Using this for a Richardson Extrapolation from h/2 and h/4 I get a value of 1.396. For completeness, here is the formula from Wikipedia: http://upload.wikimedia.org/math/1/4...ec2178e5ee.png |
Hi,
For the values of N=10,20,40 I get a numerical order of p=3.34, an error of the fine grid e=-0.00167 and a correct value of f=1.427732 |
Strange...
How do you evaluate the order of the error? |
p=LOG(f_20 - f_40 / f_10 - f_20) / LOG(2)

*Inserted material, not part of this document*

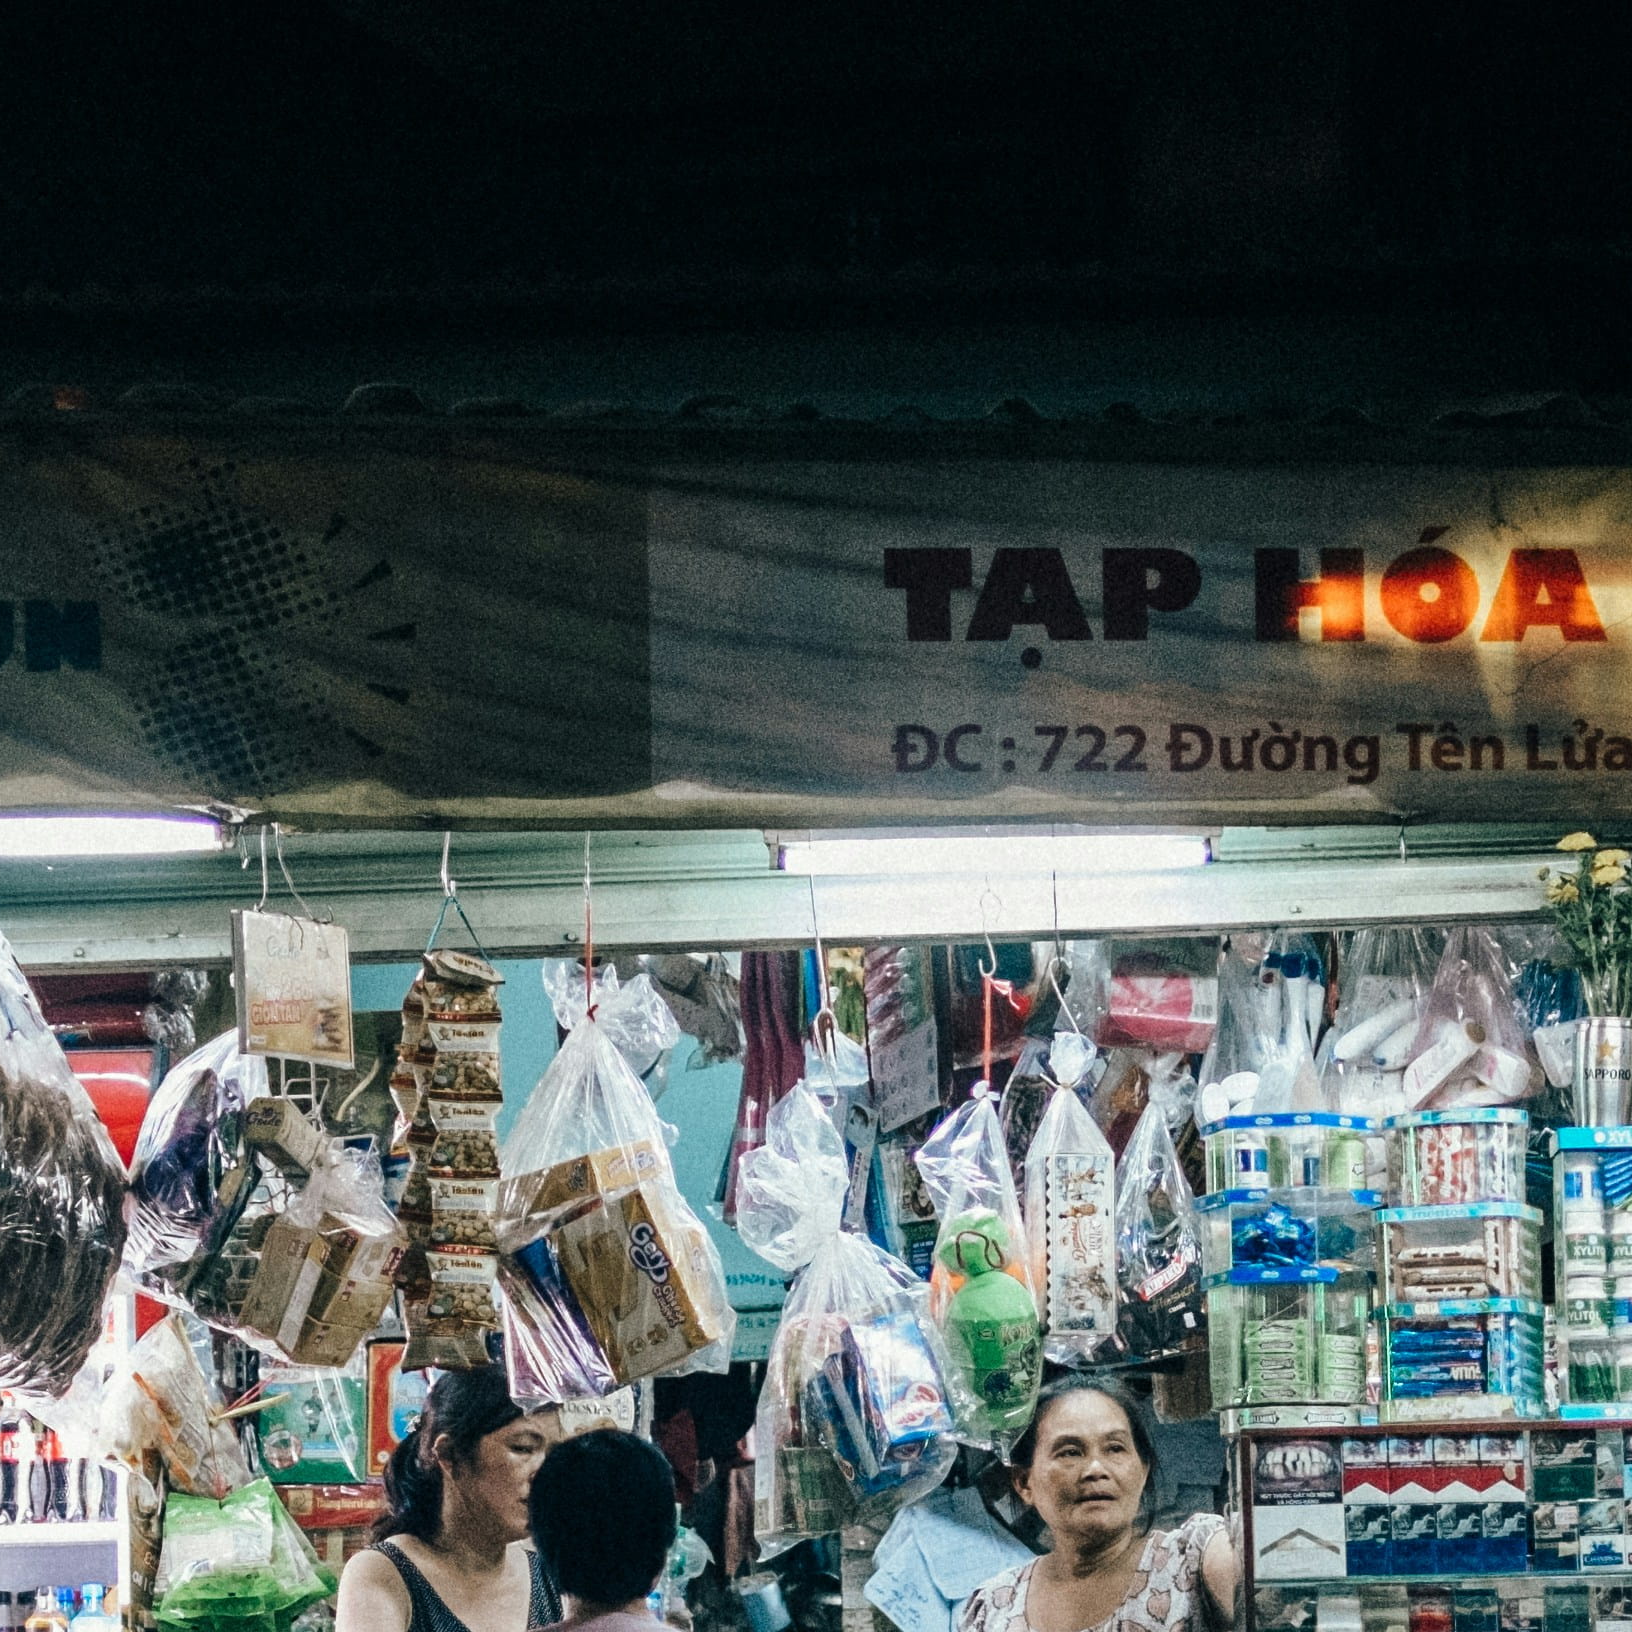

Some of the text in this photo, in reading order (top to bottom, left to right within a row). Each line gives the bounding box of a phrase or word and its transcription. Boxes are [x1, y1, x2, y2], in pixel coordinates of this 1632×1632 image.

It is LOG(2) only, if the grade of refinement in each step is 2 (in each direction) - which is the case here. f_10, f_20, f_40 is related to the finest, normal and coarse grid. This is explained in the Ferziger/Peric book. |
A quadratic fit with excel yields this:
http://www7.pic-upload.de/11.03.13/p2kojlcksej4.png Enforcing an "exact" value of 1.427732 yields this, which doesnt fit the values very well:http://www.cfd-online.com/Forums/dat...AASUVORK5CYII= http://www10.pic-upload.de/11.03.13/t5at3w278mrq.png Are you sure you applied Ferzigers formula correctly? I derived a similar formula myself, i guess you just mixed up the sequence between coars and fine. |
No :D, but I just checked it and it seems to be right.
Well, as I understand it, it is not proper to make a quadratic fit in this case. The error of "f" should be something like e = constant * (dx)^p, where dx is the size of the grid. Now, if you have two consecutive refinements (=three values) you can estimate "p". If it is about 3.34, it doesn't seem to be right to use a quadratic fit for "e". Hmm... when I create your first pic, it doesn't look like that, could you check the values for f and dx? Also, I do not use the N=30 value at all. |
Sorry, I used the value of N=30 instead of N=20... wait a second.:rolleyes:
Alright, I get an order of p=1.31, error of N=40 is -0.03295 and corrected value is f_corr=1.396453. |
Double-checked my values... everything correct.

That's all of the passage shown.